Words on a screen can only do so much though. There’s never any experience like first-hand experience. My dad loves that line, and if ever a saying applied to a game, it’s here. So I cut my losses and hit restart. Version two of my call center did much better, striking a better employee balance and a focus on steady efficiency (starting and thinking small). And lo and behold, as the client’s workload increased, I was able to handle it, building a nice reserve and a happy workforce. Soon I was running a labyrinth of offices and a hundred different managers, janitors, IT guys (their repair work is hilarious) and call specialists.

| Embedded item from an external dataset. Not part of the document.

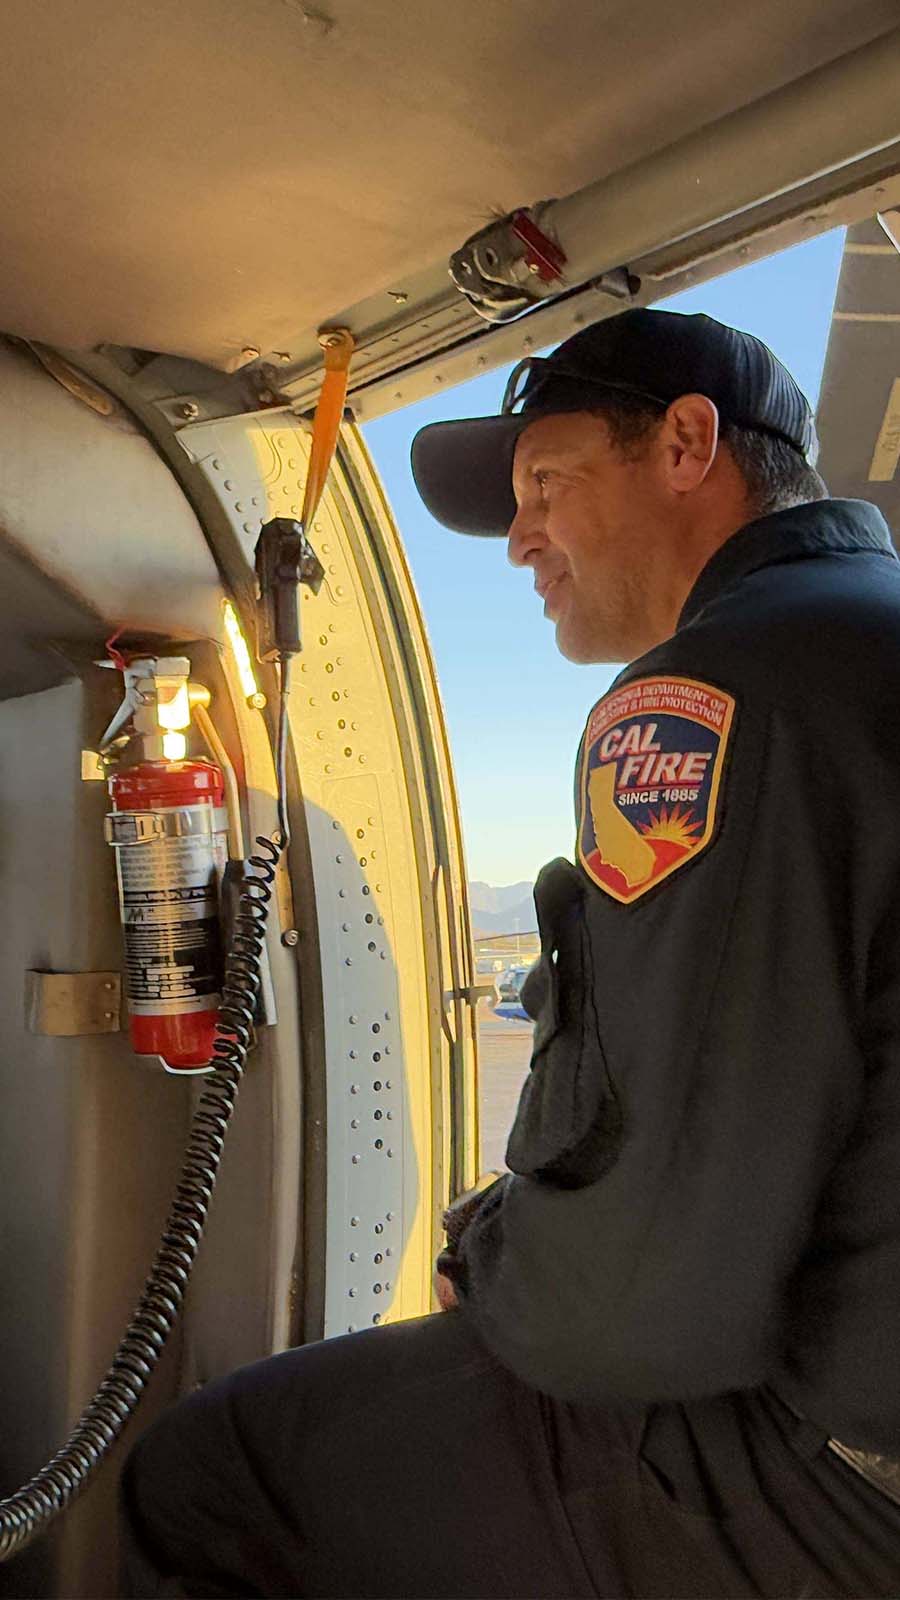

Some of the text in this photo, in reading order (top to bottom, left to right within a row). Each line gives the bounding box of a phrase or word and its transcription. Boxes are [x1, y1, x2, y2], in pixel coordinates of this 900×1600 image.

[600, 723, 661, 761] CAL
[617, 752, 712, 789] FIRE
[618, 788, 698, 806] SINCE 1885

Once your company is consistently in the black, and the day to day operations and issues become less immediate and more about careful growth, the game hits its stride, giving you access to building upgrades (each office can be spruced up to increase productivity) and the option to educate your workers, which is win-win for everybody’s bottom line. The visual leap of transforming from a small, fledgling brick house into a fancy, bells & whistles mega-corporation is awesome and worth the blood and sweat to get there.
But by the higher day counts, 55 or so, you reach a level of self-sufficiency (yeah, fine, sooner for you experts out there :p), and this is the point where sims like Smooth Operators tend to drag. You hit a comfortable plateau, a boatload of money, where your job as ‘omnipresent overseer mother’ isn’t as needed, and like a chick leaving the nest for the first time, you’re both filled with pride to see your creation fly on its own, and saddened that this means you’re past the more exciting times of the game. I found myself leaving it to run on its own, stopping only to see the daily report or do a few mundane changes. You can still grow further and accept more clients, but it just adds to your money pile.
Smooth Operators is nonetheless an addicting (it’s digital crack) sim game with incredible depth. It stumbles slightly in its initially-overwhelming list of to-dos and fix-mes, hits an excellent middle ground and pace, then just plays itself after awhile. This is after you notice you’ve sunk hours into it, and will continue to do so gladly, turning your paltry 80 MSP investment into a fun and healthy return.